Over on Tijuana’s east side, Graizbord wants to launch a $5-million pilot project to demonstrate how the city’s impoverished neighborhoods can be improved. About 5,000 people now live in ramshackle houses that make up the hillside colonia called 10 de Mayo. Graizbord’s staff, with the help of planners from UC San Diego, have outlined a project that includes paving the streets, installing water and sewage lines and rehabilitating a dry and trash-laden creek bed into a lush neighborhood park.

The institute has approached the nearby maquiladoras, which employ many of the residents, to invest in the project. So far, one company has agreed to consider the idea.

Graizbord hopes to connect the 10 de Mayo park to a larger ecological preserve along the Alamar River, a tributary of the Tijuana River that frequently floods during heavy rains.

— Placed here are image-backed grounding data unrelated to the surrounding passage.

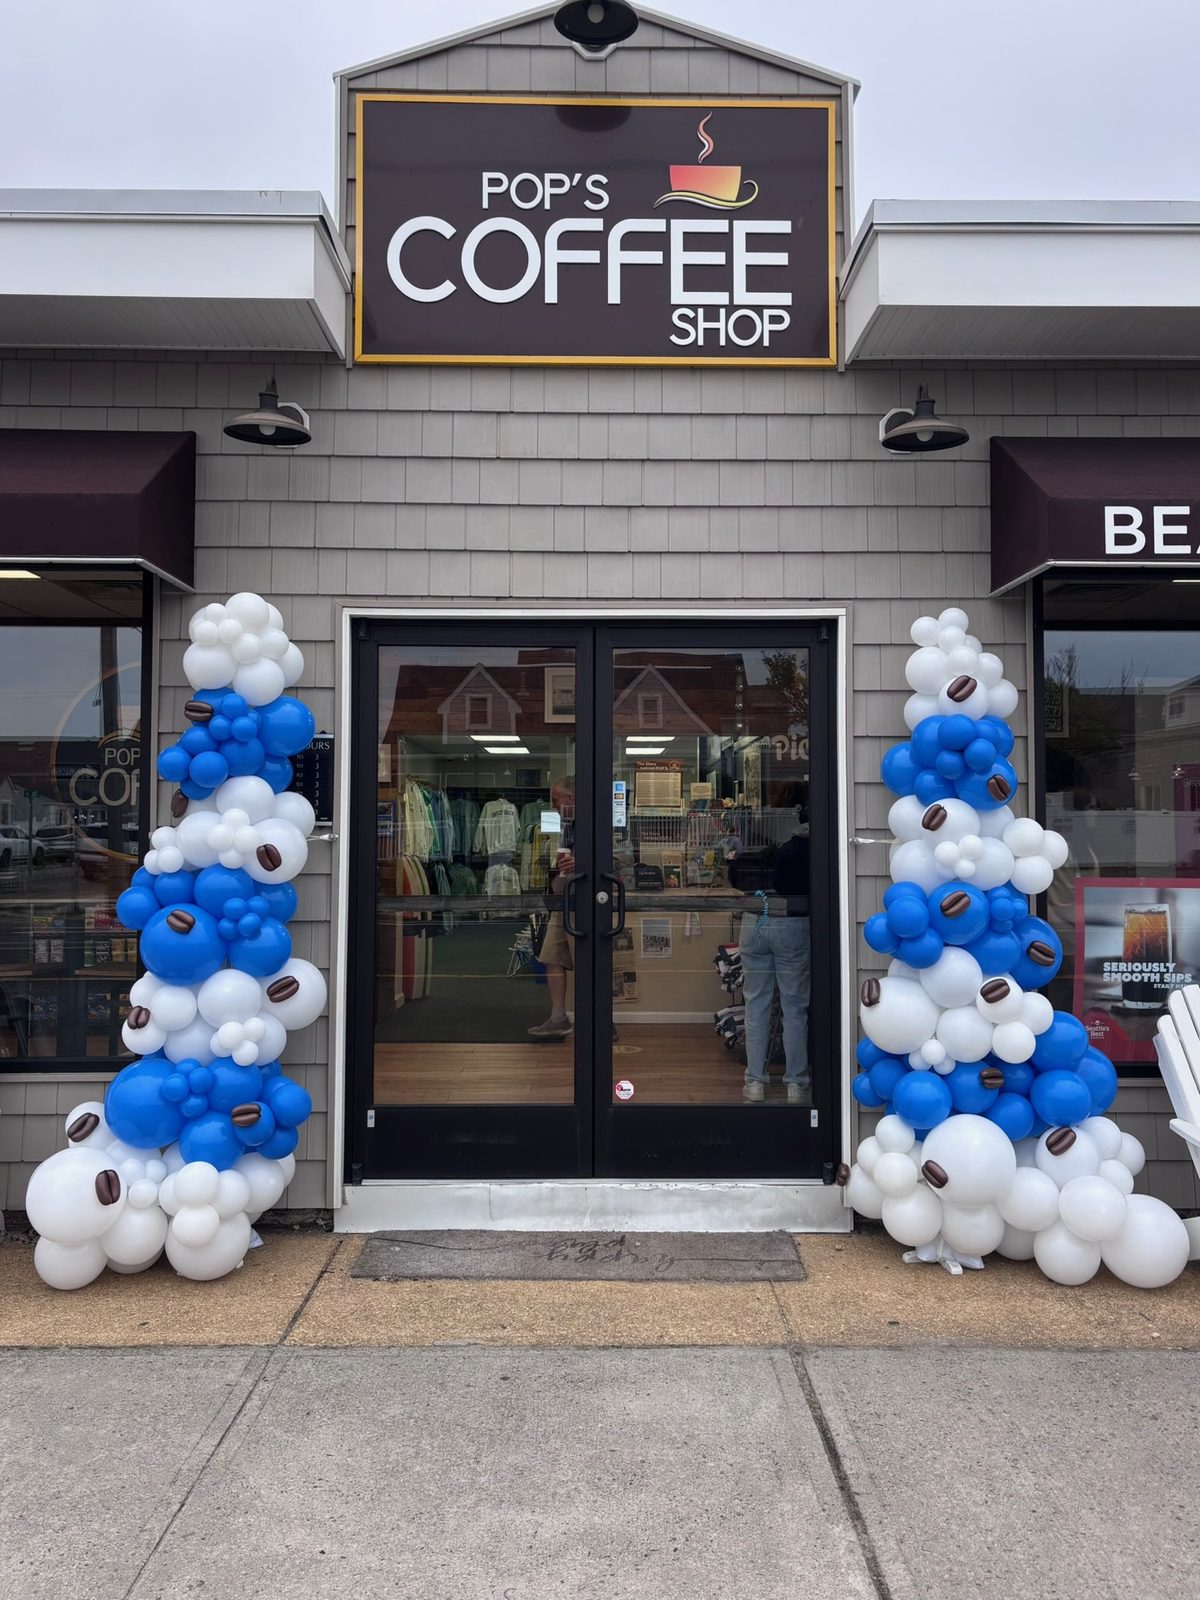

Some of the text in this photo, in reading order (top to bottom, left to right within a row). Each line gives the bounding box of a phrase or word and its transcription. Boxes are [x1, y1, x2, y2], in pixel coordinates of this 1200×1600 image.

[481, 171, 610, 211] POP'S
[386, 215, 793, 306] COFFEE
[669, 307, 792, 347] SHOP
[1103, 504, 1200, 555] BE
[105, 748, 140, 766] POP
[1103, 962, 1176, 972] SERIOUSLY
[1103, 973, 1193, 983] SMOOTH SIPS

He envisions building riverfront parks and housing, and even a botanical garden showcasing various flora from around Mexico--plans that evoke American environmentalists’ hopes for resurrecting the Los Angeles River. The price tag for the Mexican project: around $100 million.

The planning institute does “excellent work, really first-rate,” said Keith Pezzoli, a professor of urban planning at UC San Diego, who is working with Graizbord on the 10 de Mayo project.

“But building plans is one thing. Implementing them is another. Where is the money going to come from?”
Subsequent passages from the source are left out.